Free-text object descriptions
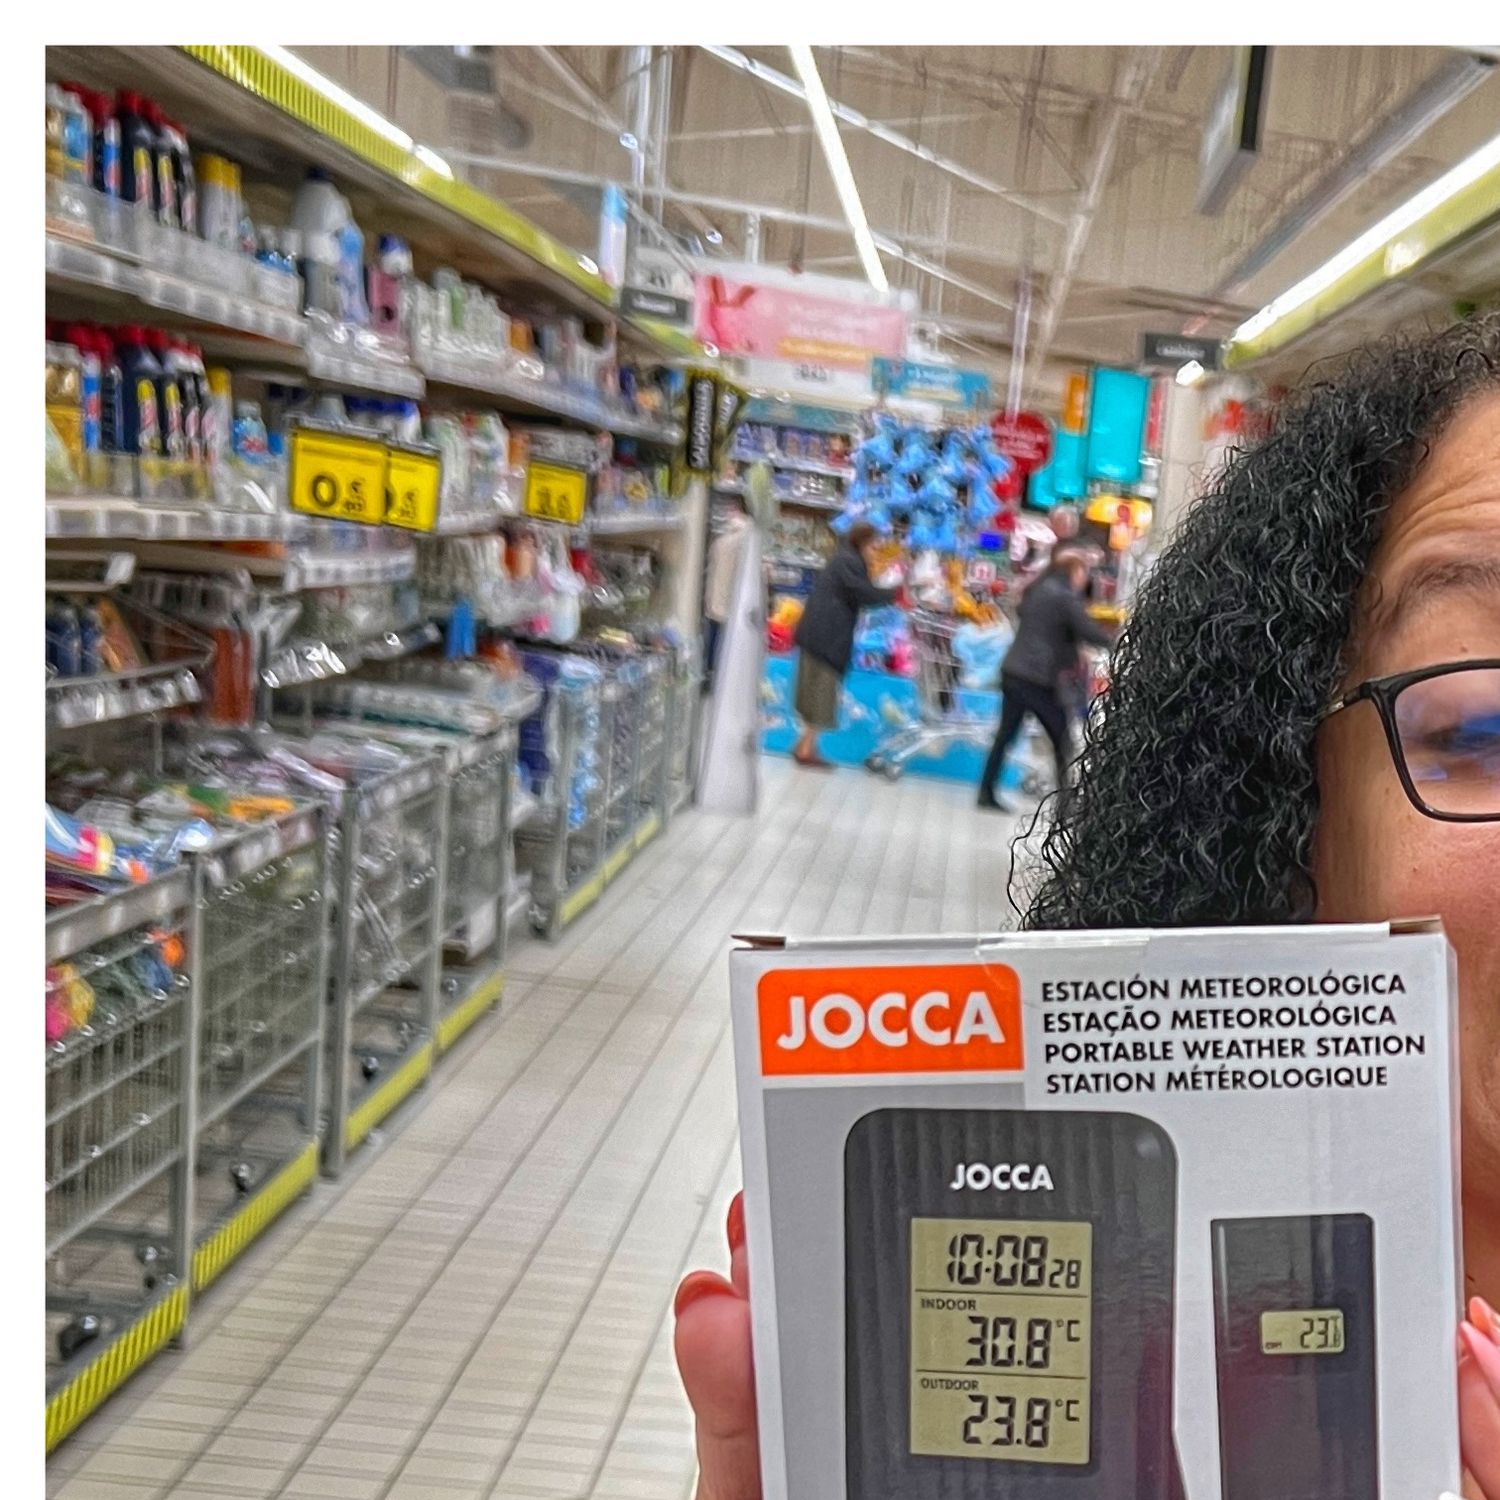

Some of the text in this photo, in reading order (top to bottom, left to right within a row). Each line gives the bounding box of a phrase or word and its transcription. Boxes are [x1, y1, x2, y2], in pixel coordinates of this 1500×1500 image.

[1042, 970, 1406, 1002] ESTACIÓN METEOROLÓGICA
[777, 991, 1006, 1050] JOCCA
[1043, 1001, 1397, 1036] ESTAÇÃO METEOROLÓGICA
[1045, 1035, 1425, 1063] PORTABLE WEATHER STATION
[1047, 1064, 1387, 1094] STATION MÉTÉROLOGIQUE
[950, 1162, 1054, 1191] JOCCA
[947, 1234, 1082, 1289] 10:08 28
[921, 1298, 976, 1311] INDOOR
[965, 1315, 1052, 1369] 30.8
[921, 1378, 979, 1391] OUTDOOR
[963, 1395, 1051, 1448] 23.8

### Exercise prompt
Give the entries above again exactly, minus their pictures.

### Solution
Some of the text in this photo, in reading order (top to bottom, left to right within a row). Each line gives the bounding box of a phrase or word and its transcription. Boxes are [x1, y1, x2, y2], in pixel coordinates of this 1500×1500 image.

[1042, 970, 1406, 1002] ESTACIÓN METEOROLÓGICA
[777, 991, 1006, 1050] JOCCA
[1043, 1001, 1397, 1036] ESTAÇÃO METEOROLÓGICA
[1045, 1035, 1425, 1063] PORTABLE WEATHER STATION
[1047, 1064, 1387, 1094] STATION MÉTÉROLOGIQUE
[950, 1162, 1054, 1191] JOCCA
[947, 1234, 1082, 1289] 10:08 28
[921, 1298, 976, 1311] INDOOR
[965, 1315, 1052, 1369] 30.8
[921, 1378, 979, 1391] OUTDOOR
[963, 1395, 1051, 1448] 23.8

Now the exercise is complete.